Fast forward a few weeks, and on February 26, Nasdaq submitted a revised proposal in which it amends some of its previously set-out points. The new filing proposes, for example, that companies with smaller boards – i.e., those with five or fewer directors – would need to include one diverse director, instead of the previously proposed two. Another change would allow for extra time for newly-listed companies to become complaint with the diversity rules; they would have an additional two-year period after the phase-in period to fully meet the diversity objective. Meanwhile, Nasdaq has added a one-year grace period in the event a vacancy on the board brings a company under the recommended diversity objective.
As for timing across the board, the diversity disclosure mandates included in the proposal, if approved by the SEC, would come into effect on the later of “one calendar year from the date of SEC approval of the revised proposal” or … “the date the proxy statement is filed for a company’s annual meeting during the calendar year of such SEC approval date.”
In an Op-Ed in the Wall Street Journal this week, Nasdaq President and CEO Adena Friedman revealed that the amendments come in light of critical response to its initial proposal and aim to “strengthen” the proposal and make “allowances for [companies’] needs and concerns.” She clarified that the proposal “is not a quota,” noting that “the only requirement for companies that do not meet this new objective is to provide an explanation to shareholders.”
“Overall, our proposal seeks to demonstrate that, with proper disclosure and clear objectives, companies and investors can create momentum toward an approach to capitalism that offers more opportunity to more people,” Friedman stated in the article. “We believe this can be accomplished through a market-driven solution—rather than government intervention.”

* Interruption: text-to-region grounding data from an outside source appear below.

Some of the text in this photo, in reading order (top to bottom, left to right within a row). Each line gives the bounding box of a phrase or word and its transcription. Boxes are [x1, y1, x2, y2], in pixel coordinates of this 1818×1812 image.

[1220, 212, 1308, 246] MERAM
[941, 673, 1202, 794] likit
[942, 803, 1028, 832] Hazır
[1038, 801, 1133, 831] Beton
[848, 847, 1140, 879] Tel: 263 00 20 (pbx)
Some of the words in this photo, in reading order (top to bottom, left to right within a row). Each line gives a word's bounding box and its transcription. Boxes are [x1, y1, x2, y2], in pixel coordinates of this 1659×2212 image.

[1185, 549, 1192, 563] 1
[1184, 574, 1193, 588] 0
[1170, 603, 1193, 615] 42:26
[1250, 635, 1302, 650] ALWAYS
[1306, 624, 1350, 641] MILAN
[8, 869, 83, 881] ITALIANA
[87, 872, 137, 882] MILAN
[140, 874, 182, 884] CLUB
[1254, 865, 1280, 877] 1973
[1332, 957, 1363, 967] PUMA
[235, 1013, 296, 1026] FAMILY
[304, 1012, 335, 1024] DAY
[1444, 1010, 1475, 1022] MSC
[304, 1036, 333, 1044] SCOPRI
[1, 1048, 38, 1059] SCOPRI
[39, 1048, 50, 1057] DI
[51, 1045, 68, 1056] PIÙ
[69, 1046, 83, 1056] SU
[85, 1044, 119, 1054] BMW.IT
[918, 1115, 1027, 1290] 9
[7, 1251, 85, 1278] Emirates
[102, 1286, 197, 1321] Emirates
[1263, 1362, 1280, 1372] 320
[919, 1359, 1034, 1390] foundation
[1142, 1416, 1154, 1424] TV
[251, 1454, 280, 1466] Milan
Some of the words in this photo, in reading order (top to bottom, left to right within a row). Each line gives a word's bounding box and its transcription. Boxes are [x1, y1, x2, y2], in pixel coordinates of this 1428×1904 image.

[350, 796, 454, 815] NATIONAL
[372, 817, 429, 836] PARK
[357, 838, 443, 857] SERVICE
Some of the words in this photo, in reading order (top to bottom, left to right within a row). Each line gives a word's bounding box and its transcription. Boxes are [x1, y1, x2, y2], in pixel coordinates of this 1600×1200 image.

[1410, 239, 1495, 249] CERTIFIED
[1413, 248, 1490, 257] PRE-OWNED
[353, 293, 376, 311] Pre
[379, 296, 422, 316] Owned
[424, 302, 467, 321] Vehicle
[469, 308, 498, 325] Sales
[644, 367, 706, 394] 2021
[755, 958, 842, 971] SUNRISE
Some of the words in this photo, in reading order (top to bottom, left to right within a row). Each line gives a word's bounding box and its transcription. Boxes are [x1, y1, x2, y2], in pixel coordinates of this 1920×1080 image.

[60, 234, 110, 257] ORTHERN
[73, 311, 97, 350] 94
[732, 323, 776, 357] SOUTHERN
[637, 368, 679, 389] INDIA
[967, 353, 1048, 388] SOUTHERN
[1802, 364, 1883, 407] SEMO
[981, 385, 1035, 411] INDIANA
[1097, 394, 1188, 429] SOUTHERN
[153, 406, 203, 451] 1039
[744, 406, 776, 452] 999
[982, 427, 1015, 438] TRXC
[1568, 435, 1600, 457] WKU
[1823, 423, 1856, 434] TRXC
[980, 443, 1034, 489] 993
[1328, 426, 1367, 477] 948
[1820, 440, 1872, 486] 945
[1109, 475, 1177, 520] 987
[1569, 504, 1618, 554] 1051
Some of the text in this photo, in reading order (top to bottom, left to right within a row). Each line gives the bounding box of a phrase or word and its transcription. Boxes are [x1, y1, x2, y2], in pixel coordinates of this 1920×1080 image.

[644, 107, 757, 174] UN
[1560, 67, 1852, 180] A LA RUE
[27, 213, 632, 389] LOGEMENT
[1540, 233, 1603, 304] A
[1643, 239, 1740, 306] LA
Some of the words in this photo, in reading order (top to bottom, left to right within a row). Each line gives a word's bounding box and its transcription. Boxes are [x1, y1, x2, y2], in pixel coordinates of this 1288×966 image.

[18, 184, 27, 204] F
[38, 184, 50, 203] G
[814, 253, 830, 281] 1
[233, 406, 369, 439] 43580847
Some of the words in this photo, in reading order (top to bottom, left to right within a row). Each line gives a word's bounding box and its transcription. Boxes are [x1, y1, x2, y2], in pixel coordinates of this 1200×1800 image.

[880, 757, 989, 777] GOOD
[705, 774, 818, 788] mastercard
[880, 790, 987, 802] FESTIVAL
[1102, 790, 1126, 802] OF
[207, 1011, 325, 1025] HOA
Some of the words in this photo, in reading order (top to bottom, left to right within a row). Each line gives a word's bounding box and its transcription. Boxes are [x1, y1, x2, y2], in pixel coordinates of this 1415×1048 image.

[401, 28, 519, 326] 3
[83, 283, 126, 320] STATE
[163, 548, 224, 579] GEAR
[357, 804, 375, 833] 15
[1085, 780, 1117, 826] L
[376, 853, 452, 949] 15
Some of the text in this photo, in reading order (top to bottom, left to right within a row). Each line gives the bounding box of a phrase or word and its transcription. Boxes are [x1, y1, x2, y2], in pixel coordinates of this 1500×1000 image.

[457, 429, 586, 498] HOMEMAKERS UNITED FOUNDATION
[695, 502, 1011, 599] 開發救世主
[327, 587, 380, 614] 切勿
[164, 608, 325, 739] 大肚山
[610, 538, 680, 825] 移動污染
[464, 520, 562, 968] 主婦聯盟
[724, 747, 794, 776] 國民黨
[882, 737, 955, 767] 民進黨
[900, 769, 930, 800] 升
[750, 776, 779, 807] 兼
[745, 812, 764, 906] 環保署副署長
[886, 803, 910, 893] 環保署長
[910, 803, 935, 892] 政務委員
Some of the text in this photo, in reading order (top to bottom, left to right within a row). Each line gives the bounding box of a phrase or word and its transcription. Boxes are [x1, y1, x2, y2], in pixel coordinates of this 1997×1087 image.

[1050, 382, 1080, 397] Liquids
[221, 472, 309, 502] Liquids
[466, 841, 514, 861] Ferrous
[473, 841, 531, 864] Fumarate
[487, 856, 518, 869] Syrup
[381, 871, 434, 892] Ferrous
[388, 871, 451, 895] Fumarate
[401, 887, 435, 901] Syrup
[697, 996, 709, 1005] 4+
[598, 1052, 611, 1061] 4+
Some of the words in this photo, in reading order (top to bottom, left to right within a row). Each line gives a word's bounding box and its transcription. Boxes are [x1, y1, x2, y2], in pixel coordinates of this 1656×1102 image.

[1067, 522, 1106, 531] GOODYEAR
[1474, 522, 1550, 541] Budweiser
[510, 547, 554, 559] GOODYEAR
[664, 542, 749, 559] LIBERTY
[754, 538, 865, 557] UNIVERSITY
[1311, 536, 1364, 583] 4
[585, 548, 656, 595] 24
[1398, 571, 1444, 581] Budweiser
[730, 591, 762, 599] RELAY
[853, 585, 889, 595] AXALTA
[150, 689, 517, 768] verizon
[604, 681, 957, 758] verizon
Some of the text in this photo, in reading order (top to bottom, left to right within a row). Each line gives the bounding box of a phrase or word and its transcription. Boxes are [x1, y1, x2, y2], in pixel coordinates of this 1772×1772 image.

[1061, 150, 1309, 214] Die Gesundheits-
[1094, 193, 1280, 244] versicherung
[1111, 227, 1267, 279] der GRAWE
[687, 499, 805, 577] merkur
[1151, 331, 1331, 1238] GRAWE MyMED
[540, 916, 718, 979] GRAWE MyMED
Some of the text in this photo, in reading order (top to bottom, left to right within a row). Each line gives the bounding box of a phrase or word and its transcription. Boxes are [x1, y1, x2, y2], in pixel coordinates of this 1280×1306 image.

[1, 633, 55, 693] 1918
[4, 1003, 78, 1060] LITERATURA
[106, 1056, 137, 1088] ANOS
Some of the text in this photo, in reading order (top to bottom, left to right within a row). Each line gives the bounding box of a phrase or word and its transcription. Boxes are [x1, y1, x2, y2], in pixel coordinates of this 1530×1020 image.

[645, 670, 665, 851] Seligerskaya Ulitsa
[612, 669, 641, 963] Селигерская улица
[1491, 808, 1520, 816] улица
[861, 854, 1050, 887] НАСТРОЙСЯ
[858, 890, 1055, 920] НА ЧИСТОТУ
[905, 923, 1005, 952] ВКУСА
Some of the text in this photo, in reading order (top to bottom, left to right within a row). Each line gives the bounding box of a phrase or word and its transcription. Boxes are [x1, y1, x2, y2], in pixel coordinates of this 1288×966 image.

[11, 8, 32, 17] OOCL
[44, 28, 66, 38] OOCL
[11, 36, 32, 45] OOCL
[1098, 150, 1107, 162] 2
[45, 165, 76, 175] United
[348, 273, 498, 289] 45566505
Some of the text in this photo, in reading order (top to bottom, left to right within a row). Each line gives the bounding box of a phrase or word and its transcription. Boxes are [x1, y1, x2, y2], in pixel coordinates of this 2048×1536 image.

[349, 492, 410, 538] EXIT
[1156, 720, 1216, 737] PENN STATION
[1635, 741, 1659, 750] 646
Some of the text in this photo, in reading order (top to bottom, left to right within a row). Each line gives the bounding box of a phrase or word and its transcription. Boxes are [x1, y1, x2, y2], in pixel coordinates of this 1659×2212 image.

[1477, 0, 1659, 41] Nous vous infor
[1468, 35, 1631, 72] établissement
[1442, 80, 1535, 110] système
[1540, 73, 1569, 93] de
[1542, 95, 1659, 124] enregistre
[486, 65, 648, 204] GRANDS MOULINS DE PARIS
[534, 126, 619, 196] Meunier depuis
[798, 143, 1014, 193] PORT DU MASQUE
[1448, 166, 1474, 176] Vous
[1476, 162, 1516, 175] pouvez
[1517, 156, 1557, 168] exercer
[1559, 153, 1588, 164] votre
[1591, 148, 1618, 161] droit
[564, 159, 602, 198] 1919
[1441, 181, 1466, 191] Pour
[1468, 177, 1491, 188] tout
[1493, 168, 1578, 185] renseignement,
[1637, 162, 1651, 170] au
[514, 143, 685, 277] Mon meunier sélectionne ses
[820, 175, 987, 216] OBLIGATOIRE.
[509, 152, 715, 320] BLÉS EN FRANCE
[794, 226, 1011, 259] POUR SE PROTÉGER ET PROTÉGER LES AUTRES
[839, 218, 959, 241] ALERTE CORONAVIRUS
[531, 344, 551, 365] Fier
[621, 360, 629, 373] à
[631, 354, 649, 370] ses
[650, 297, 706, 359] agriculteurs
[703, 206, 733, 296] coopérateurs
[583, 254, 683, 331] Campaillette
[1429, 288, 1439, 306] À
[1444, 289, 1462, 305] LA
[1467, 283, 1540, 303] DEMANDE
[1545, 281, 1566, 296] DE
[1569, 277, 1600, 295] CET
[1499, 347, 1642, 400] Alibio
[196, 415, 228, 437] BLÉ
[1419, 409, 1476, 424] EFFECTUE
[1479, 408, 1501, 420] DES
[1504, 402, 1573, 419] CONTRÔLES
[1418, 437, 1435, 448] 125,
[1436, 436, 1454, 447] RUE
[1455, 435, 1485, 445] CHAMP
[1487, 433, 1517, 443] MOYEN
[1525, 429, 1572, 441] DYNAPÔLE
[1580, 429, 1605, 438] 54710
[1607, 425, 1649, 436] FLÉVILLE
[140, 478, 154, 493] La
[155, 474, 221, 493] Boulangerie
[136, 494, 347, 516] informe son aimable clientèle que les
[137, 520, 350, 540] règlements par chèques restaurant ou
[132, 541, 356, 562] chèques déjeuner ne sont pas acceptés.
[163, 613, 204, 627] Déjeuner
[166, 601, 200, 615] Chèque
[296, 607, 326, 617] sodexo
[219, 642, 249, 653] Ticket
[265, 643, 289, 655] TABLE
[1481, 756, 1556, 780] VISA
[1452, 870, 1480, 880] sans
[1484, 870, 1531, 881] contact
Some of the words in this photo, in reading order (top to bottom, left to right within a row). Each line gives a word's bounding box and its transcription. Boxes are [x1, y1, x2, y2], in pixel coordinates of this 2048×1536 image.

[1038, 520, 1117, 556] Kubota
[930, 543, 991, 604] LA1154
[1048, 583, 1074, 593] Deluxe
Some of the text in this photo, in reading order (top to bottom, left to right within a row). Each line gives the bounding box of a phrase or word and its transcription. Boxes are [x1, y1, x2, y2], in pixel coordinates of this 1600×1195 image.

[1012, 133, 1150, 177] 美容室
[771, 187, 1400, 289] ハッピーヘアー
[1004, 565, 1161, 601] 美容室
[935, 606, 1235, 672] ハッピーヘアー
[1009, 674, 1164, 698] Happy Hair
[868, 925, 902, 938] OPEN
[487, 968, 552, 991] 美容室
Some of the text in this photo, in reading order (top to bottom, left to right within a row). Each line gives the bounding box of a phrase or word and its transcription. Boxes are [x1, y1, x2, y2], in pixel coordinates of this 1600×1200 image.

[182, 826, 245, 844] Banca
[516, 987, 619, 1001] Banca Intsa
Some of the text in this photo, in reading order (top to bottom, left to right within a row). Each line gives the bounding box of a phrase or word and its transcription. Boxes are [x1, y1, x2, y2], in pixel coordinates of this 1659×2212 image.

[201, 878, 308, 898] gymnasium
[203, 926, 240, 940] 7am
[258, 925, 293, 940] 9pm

The SEC’s extended public comment period for the proposal is slated to end on March 11, at which point it is expected to decide on Nasdaq’s newly-fashioned rules. Nasdaq’s proposed requirements are the first of their kind, but the push for corporate diversity more generally has found favor among lawmakers in states like California, Illinois Massachusetts, and Pennsylvania, which have enacted laws governing board diversity for publicly traded companies.